Walter Benjamin & Andy Warhol | Lapham's Quarterly

Nel capitalismo va individuata una religione; il capitalismo, cioè, serve essenzialmente all’appagamento delle stesse preoccupazioni, tormenti, inquietudini a cui in passato davano risposta le cosiddette religioni. Dimostrare tale struttura religiosa del capitalismo – e non solo, come ritiene Weber, in quanto costruzione determinata in senso religioso, bensì in quanto fenomeno essenzialmente religioso – condurrebbe ancora oggi nella direzione sbagliata di una smisurata polemica universale. Non possiamo sbrogliare la rete in cui ci troviamo. In seguito, tuttavia, ne avremo una visione d’insieme.

Tre tratti di questa struttura religiosa del capitalismo sono però riconoscibili già nel presente. In primo luogo, il capitalismo è una religione puramente cultuale, la più estrema forse che mai si sia data.
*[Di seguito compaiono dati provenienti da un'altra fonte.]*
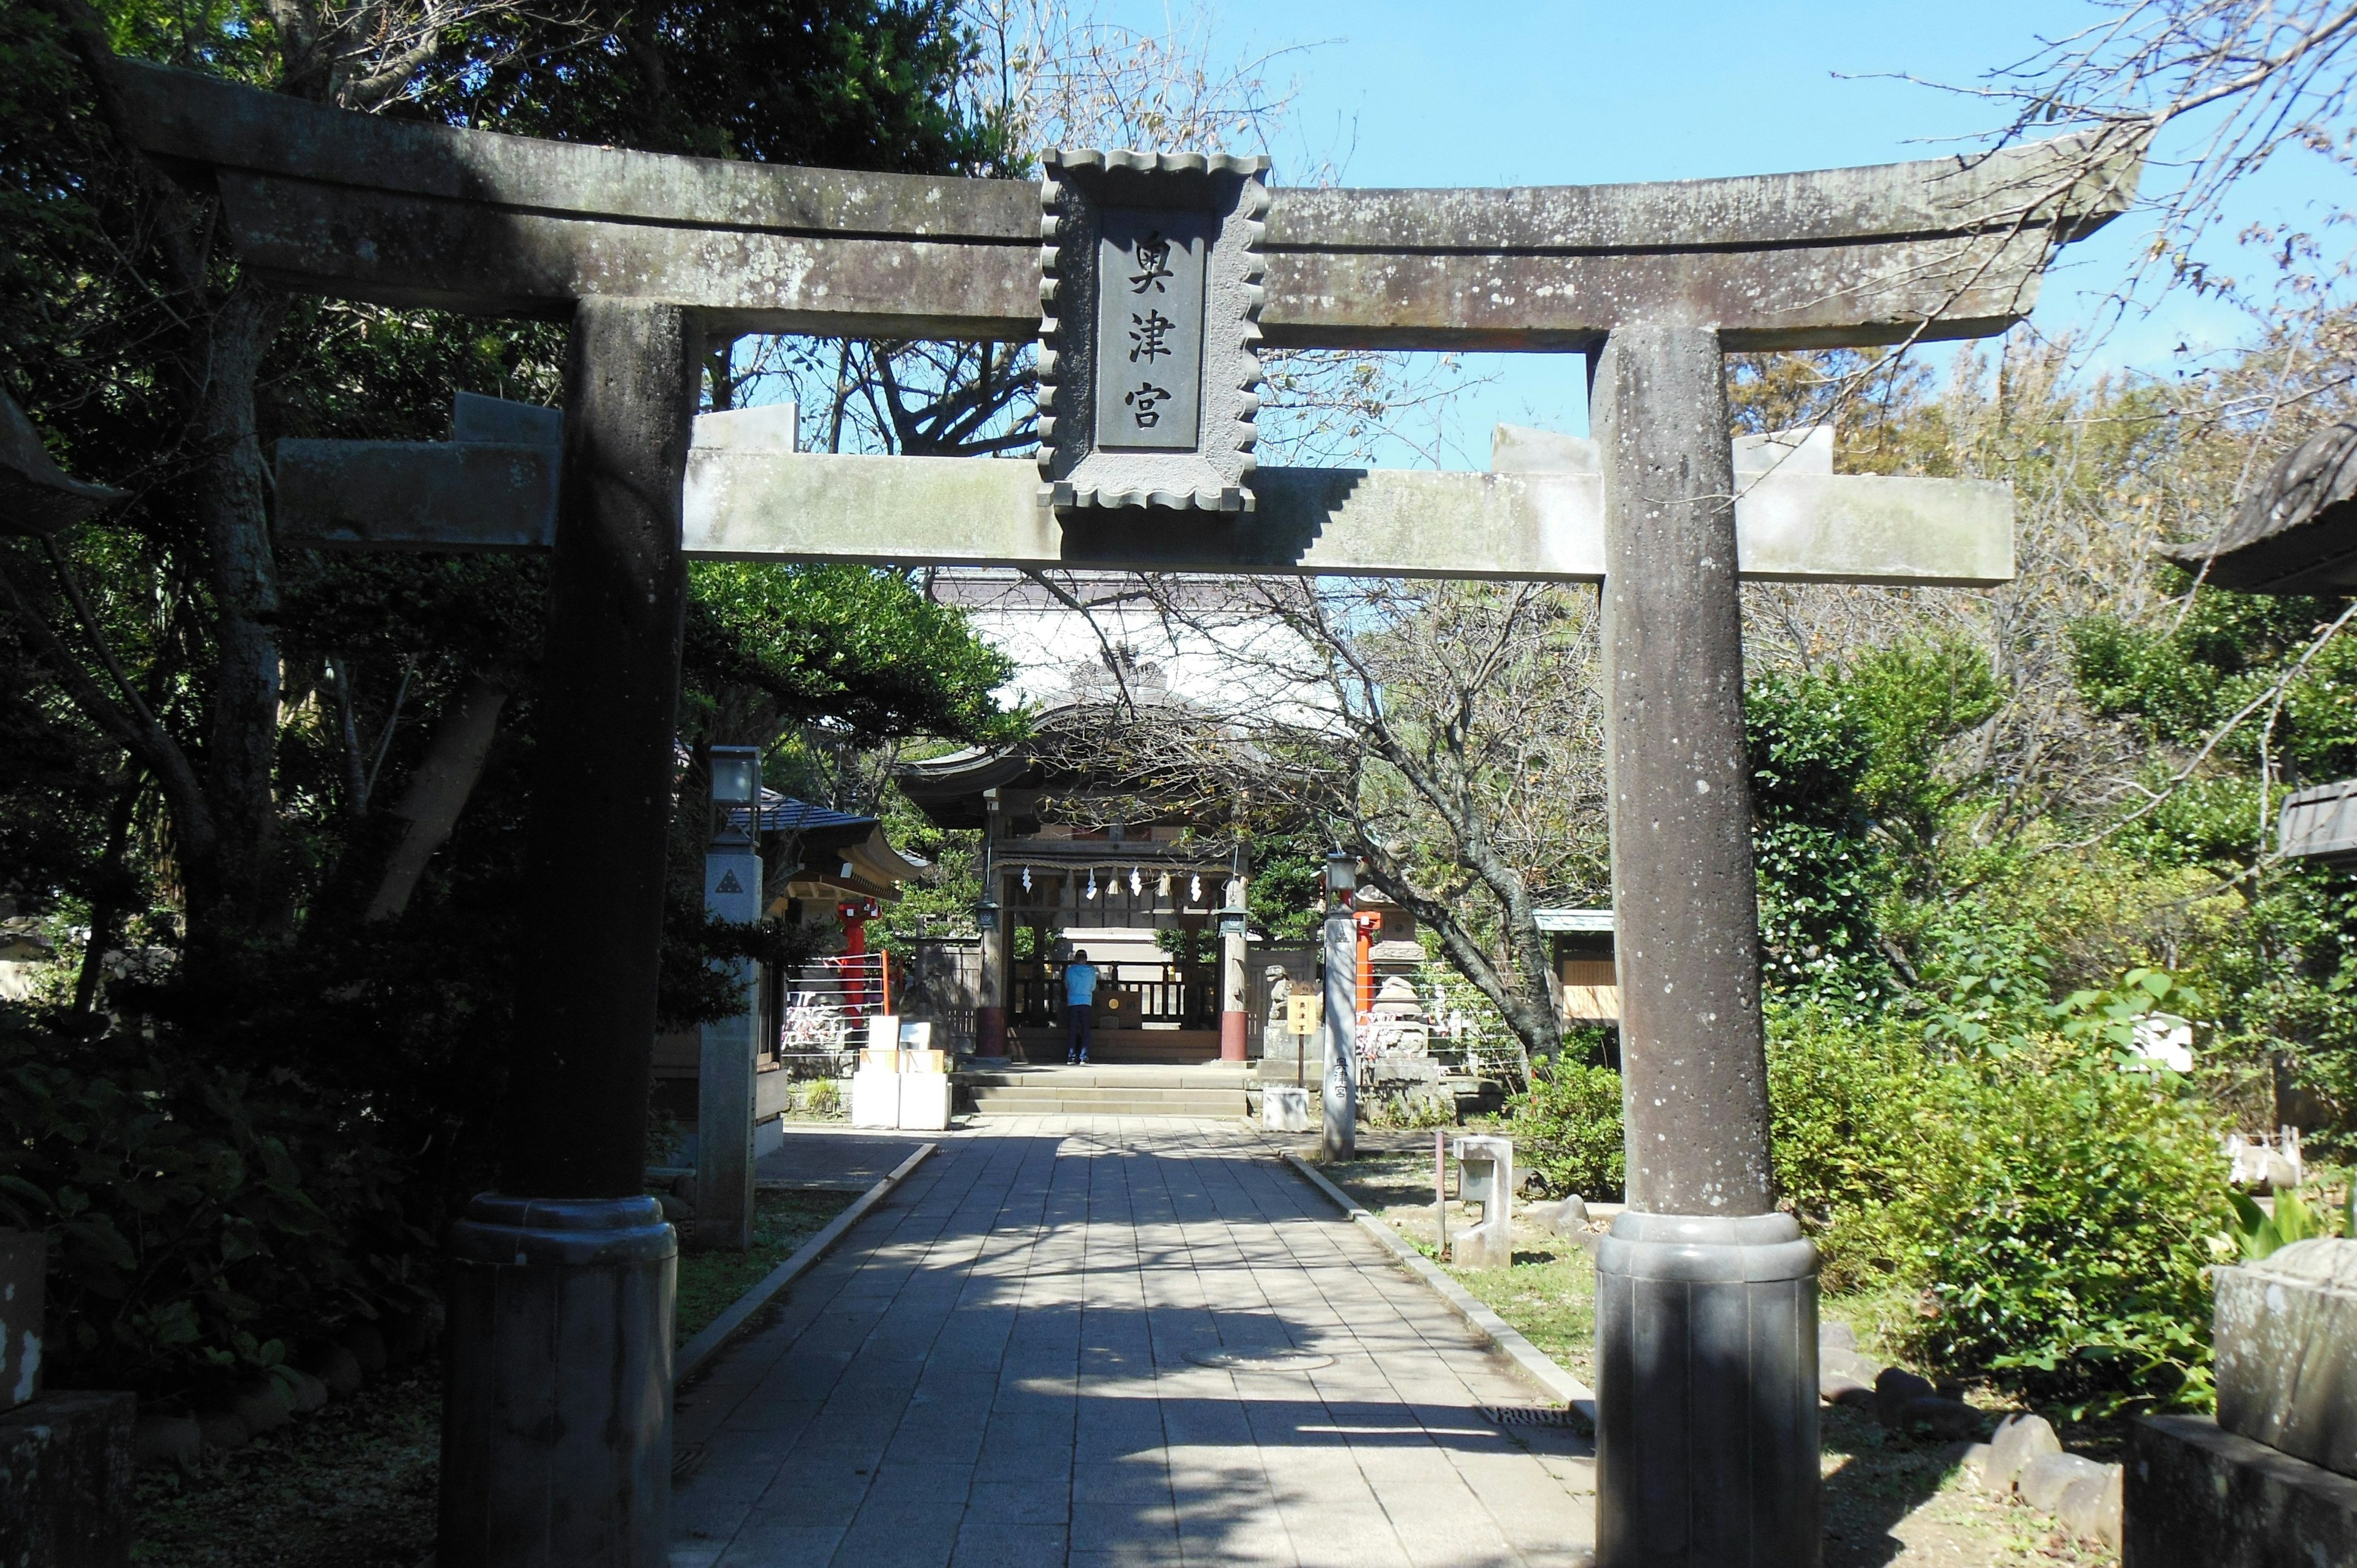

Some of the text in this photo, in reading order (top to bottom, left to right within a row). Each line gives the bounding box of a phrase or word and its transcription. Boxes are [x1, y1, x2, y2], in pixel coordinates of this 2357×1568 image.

Tutto, in esso, ha significato soltanto in rapporto immediato con il culto; non conosce nessuna particolare dogmatica, nessuna teologia. L’utilitarismo acquisisce, da questo punto di vista, la sua coloritura religiosa. A questa concretizzazione del culto è connesso un secondo tratto del capitalismo: la durata permanente del culto. Il capitalismo è la celebrazione di un culto sans [t]rêve et sans merci [“senza tregua e senza pietà”]. Non ci sono “giorni feriali”; non c’è giorno che non sia festivo, nel senso spaventoso del dispiegamento di ogni pompa sacrale, dello sforzo estremo del venerante. Questo culto è in terzo luogo, al contempo, colpevolizzante e indebitante (verschuldend). Il capitalismo è presumibilmente il primo caso di un culto che non consente espiazione, bensì produce colpa e debito (verschuldend). Ed è qui che questo sistema religioso precipita in un movimento immane. Una terribile coscienza della colpa (Schuldbewuβtsein), che non sa purificarsi, ricorre al culto non per espiare in esso questa colpa, bensì per renderla universale, per conficcarla nella coscienza e, infine e soprattutto, per coinvolgere in questa colpa il dio stesso e alla fine rendere lui stesso interessato all’espiazione.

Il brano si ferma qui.